A Rodda, dove fioriscono i limoni

Voglio raccontare di una giornata passata con un gruppo di escursionisti tedeschi che iniziano a scoprire i molti tesori nascosti delle Valli del Natisone. Iniziamo la giornata a Guspergo, pochi chilometri a nord di Cividale, dove il gruppo alloggia presso l’agriturismo “Ai Casali”, gestito da Luigi ed Elena, una coppia giovane e dinamica. Ho preparato il mio gruppo al fatto che oggi faremo un’escursione su “sentieri selvaggi” e vedo che c’è grande attesa. La nostra meta è Rodda, un paese con un carnevale molto particolare. Dal fondovalle saliremo a circa 450 metri di altitudine fino alla borgata più alta, dove pranzeremo con Michela e suo marito Antonio, che intaglia le tradizionali maschere di legno.

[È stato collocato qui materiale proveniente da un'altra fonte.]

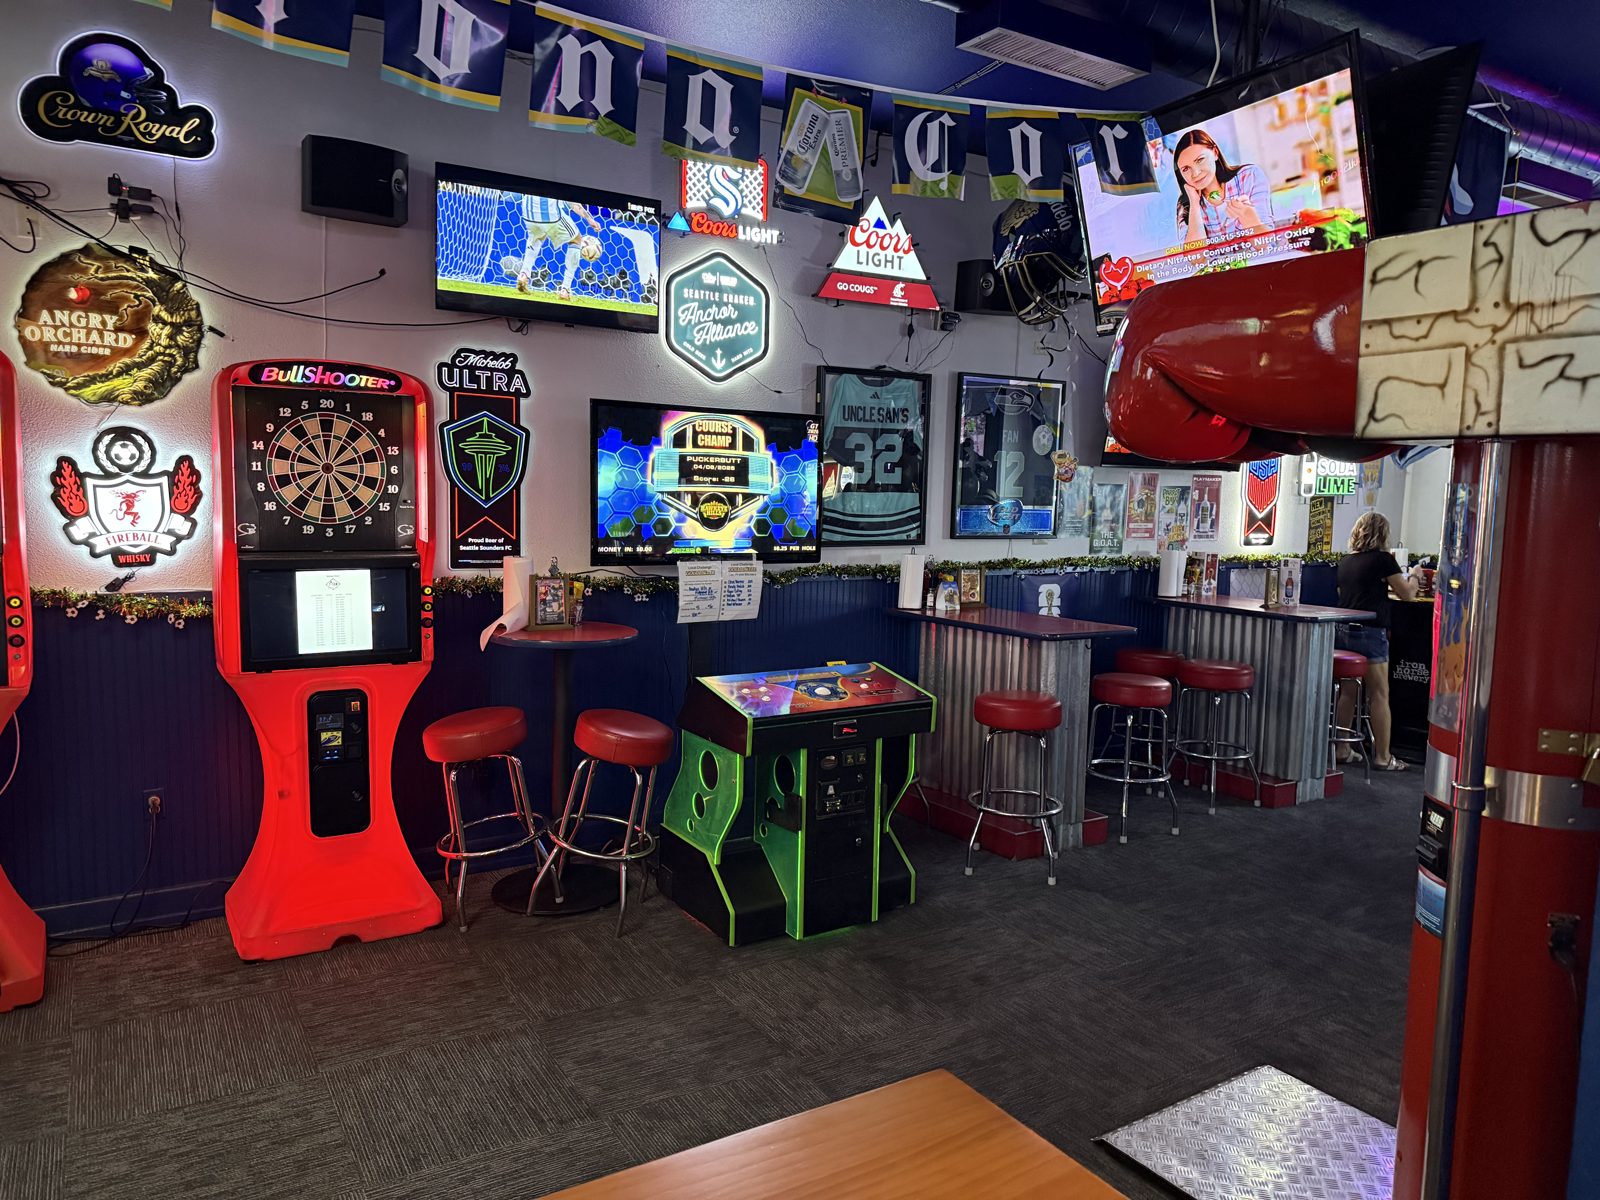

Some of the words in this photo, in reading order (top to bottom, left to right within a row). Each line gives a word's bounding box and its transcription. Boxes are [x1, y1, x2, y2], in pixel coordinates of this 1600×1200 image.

[37, 90, 115, 128] Crown
[98, 103, 200, 144] Royal
[796, 113, 820, 156] Corona
[835, 119, 849, 168] PREMIER
[1048, 201, 1074, 232] delo
[690, 212, 738, 238] Coors
[738, 225, 780, 244] LIGHT
[849, 218, 914, 255] Coors
[1136, 261, 1165, 273] Dietary
[1167, 253, 1201, 266] Nitrates
[1202, 244, 1239, 257] Convert
[1240, 241, 1252, 249] to
[1254, 233, 1282, 247] Nitric
[1284, 226, 1316, 239] Oxide
[1165, 246, 1182, 256] CALL
[856, 250, 905, 271] LIGHT
[1157, 269, 1170, 278] the
[1172, 264, 1194, 276] Body
[1195, 262, 1204, 270] to
[1207, 254, 1234, 267] Lower
[1237, 248, 1264, 261] Blood
[1266, 239, 1311, 255] Pressure
[836, 282, 849, 291] GO
[849, 284, 874, 294] COUGS
[683, 288, 720, 301] SEATTLE
[38, 309, 120, 331] ANGRY
[677, 302, 738, 326] Anchor
[24, 325, 134, 348] ORCHARD
[693, 321, 759, 345] Alliance
[50, 344, 78, 353] HARD
[80, 345, 112, 356] CIDER
[455, 352, 514, 370] Michelob
[442, 367, 527, 393] ULTRA
[301, 400, 309, 410] 5
[319, 399, 335, 409] 20
[345, 403, 351, 412] 1
[278, 408, 292, 417] 12
[361, 412, 374, 422] 18
[842, 405, 876, 423] UNCLE
[266, 423, 274, 432] 9
[377, 428, 386, 438] 4
[695, 420, 733, 434] COURSE
[697, 433, 732, 448] CHAMP
[1003, 429, 1020, 443] FAN
[252, 441, 265, 450] 14
[387, 446, 399, 455] 13
[686, 455, 742, 464] PUCKERBUTT
[844, 432, 904, 485] 32
[251, 462, 262, 471] 11
[390, 465, 398, 475] 6
[1249, 458, 1278, 480] USA
[1317, 457, 1357, 476] SODA
[993, 450, 1025, 498] 12
[257, 482, 266, 492] 8
[387, 485, 399, 494] 10
[1315, 476, 1356, 495] LIME
[263, 502, 277, 511] 16
[378, 502, 391, 511] 15
[283, 516, 291, 525] 7
[365, 516, 373, 525] 2
[302, 525, 315, 534] 19
[325, 528, 334, 537] 3
[344, 524, 356, 534] 17
[1101, 531, 1114, 539] THE
[105, 532, 161, 547] FIREBALL
[117, 553, 151, 564] WHISKY
[1396, 664, 1429, 676] horse
[1400, 659, 1425, 669] iron
[1393, 671, 1431, 684] brewery

Con le biciclette, fornite gratuitamente agli ospiti, raggiungiamo in pochi minuti la fermata dell’autobus della linea Cividale – Stupizza, nella valle del Natisone. Il tragitto fino a Pulfero è breve, meno di un quarto d’ora, e la fermata si trova vicino a una panchina dipinta di rosso che ricorda tutte le vittime di femminicidio e il numero antiviolenza 1522.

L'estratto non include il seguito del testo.